Two Lviv travelers are off on East Wind Expedition
13 June, 12:45
Photo by the author

LVIV — For the next month two Lviv travelers, journalist and cultural scientist Andrii Mochurad and psychologist Pavlo Lozynsky, will be telling people in Turkey, Georgia, Armenia, Azerbaijan, and Iraq about Ukraine. On Saturday, they set off on the “Viter na Skhid” (East Wind) Expedition. They will carry the Ukrainian national colors along the traditional tourist itineraries and follow exotic routes to unfurl the flag on top of Mt. Ararat. Another part of this project is being carried out by two other travelers, Volodymyr Hryniuk and Andrii Danylovsky, in Southeast Africa. This expedition is meant to familiarize people in the Middle East with Lviv and Ukraine, as well as to encourage Ukrainians to travel elsewhere instead of following the traditional Western itineraries. The Ukrainian travelers will share their impressions and cultural information with The Day. The following is an interview with project coordinator Andrii MOCHURAD on the day the expedition set off.

How did you conceive the idea of the East Wind project?

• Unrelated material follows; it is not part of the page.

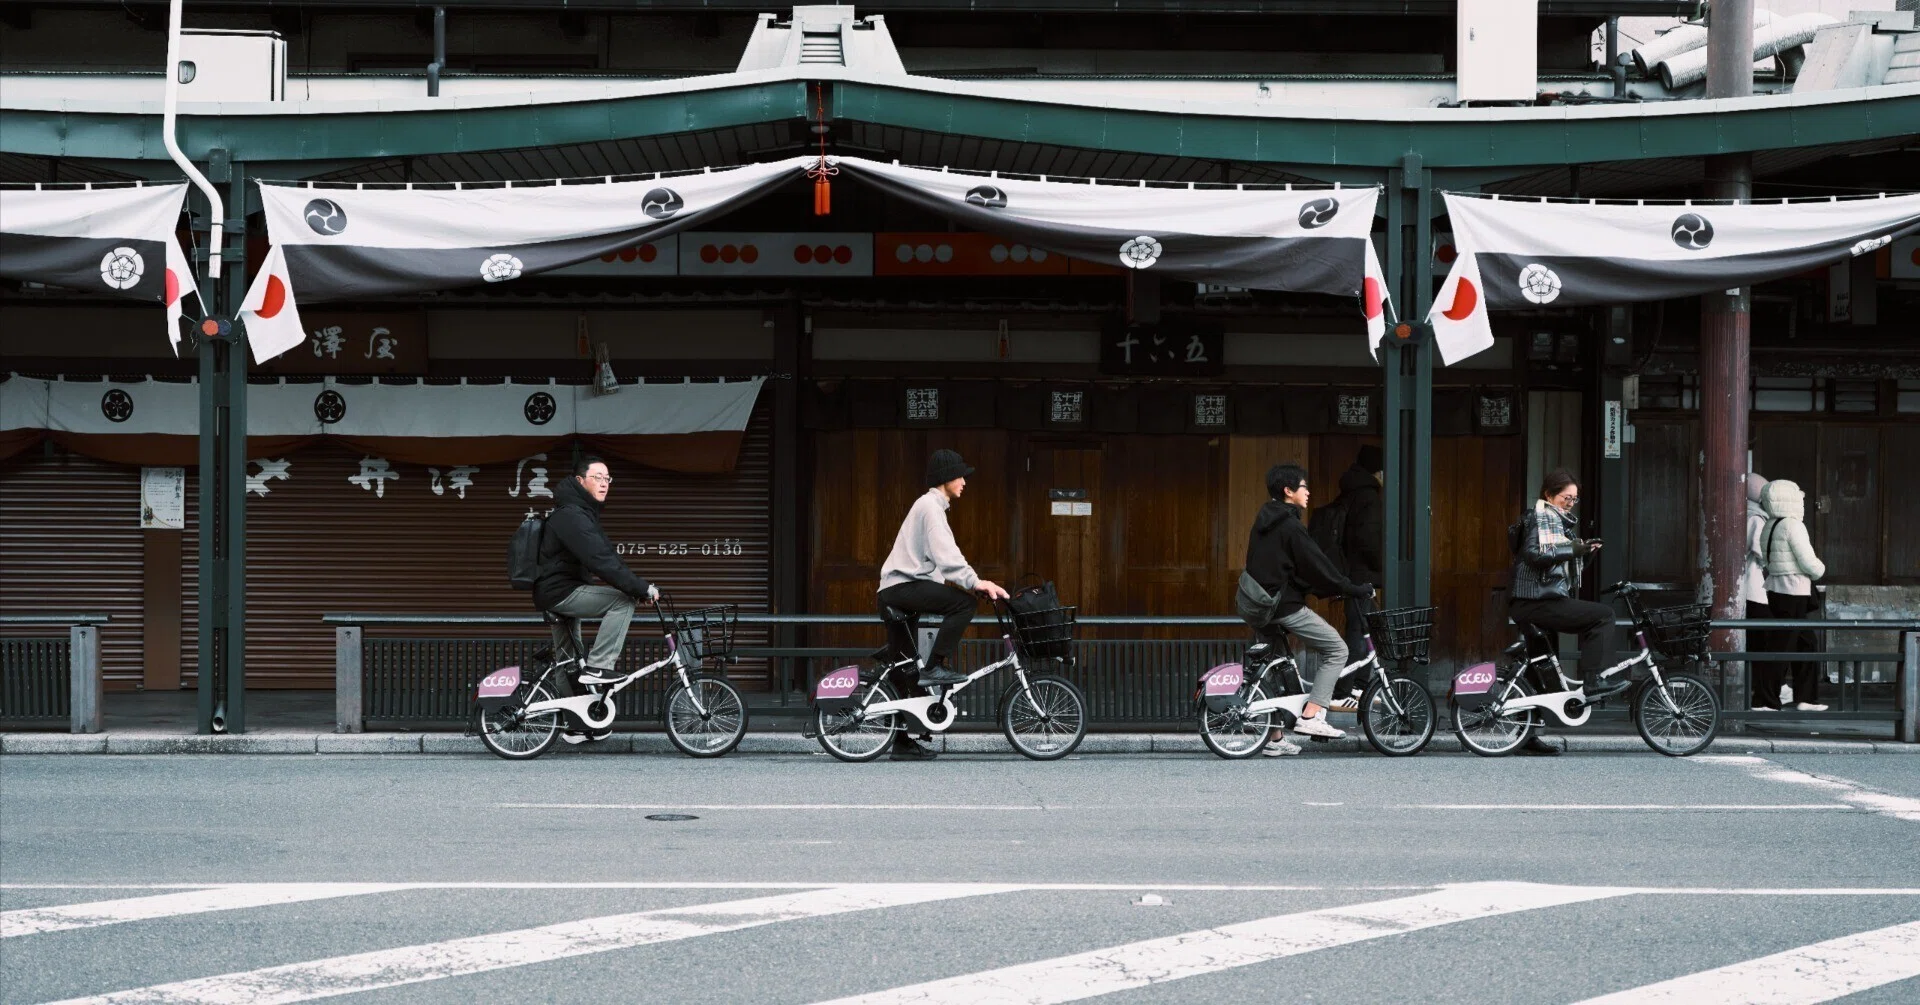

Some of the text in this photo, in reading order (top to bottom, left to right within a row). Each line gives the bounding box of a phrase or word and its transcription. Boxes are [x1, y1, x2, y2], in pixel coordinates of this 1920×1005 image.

“We selected regions that were left out of the tourist charts or those we knew little about. For example, Turkey is a tourist country, except that only a small part of its western coast is frequented by tourists with hotel accommodations on an all inclusive basis. Tourists often do not travel further than the hotel grounds and know nothing about real Turkey that starts 20-30 kilometers away. How many Ukrainians know about Kurdistan? Or about Cappadocia, an ancient area sometimes described as the Kingdom of Fairy Chimneys, with historical monuments dating back to the 13th century? Everybody knows about Mt. Ararat and most believe it is located in Armenia (there is a brand of cognac bearing the name that has been popular since Soviet times). In actuality, this mountain is in Turkey.”

Is there anything special about the Middle East that attracts you?

“People who live in the Middle East have a very different mentality, so much so you start wondering about your origin. It is a different world even for an experienced traveler.”

There are polls to the effect that 70 percent of Ukrainians do not travel further than their respective oblasts, so Western Europe would be a big discovery for them. Which is the best way to advertise tourism in Ukraine?

“To begin with, Ukrainians do not travel much and money isn’t the point. I tell people how to make inexpensive trips to Europe. The trouble is, few believe that they can travel to Norway or Denmark by paying what they would usually have to pay to travel to Poland. An inexpensive trip can be made if one doesn’t use a travel agency. Travel agencies are a problem. When we tried to find sponsors for our project among these companies, their approach proved markedly unprofessional. We were told that our project wasn’t interesting (“Who would think of traveling from Africa to Lviv?”). Here the concept of tourism is typically Soviet, with few knowing what this business is all about. Philistine customers are offered gloss tours and are perfectly content with them. In this sense the Iron Curtain is still there. It is in their heads. Many still believe that trips abroad are expensive, difficult, and dangerous.”

How should one travel to enjoy the trip?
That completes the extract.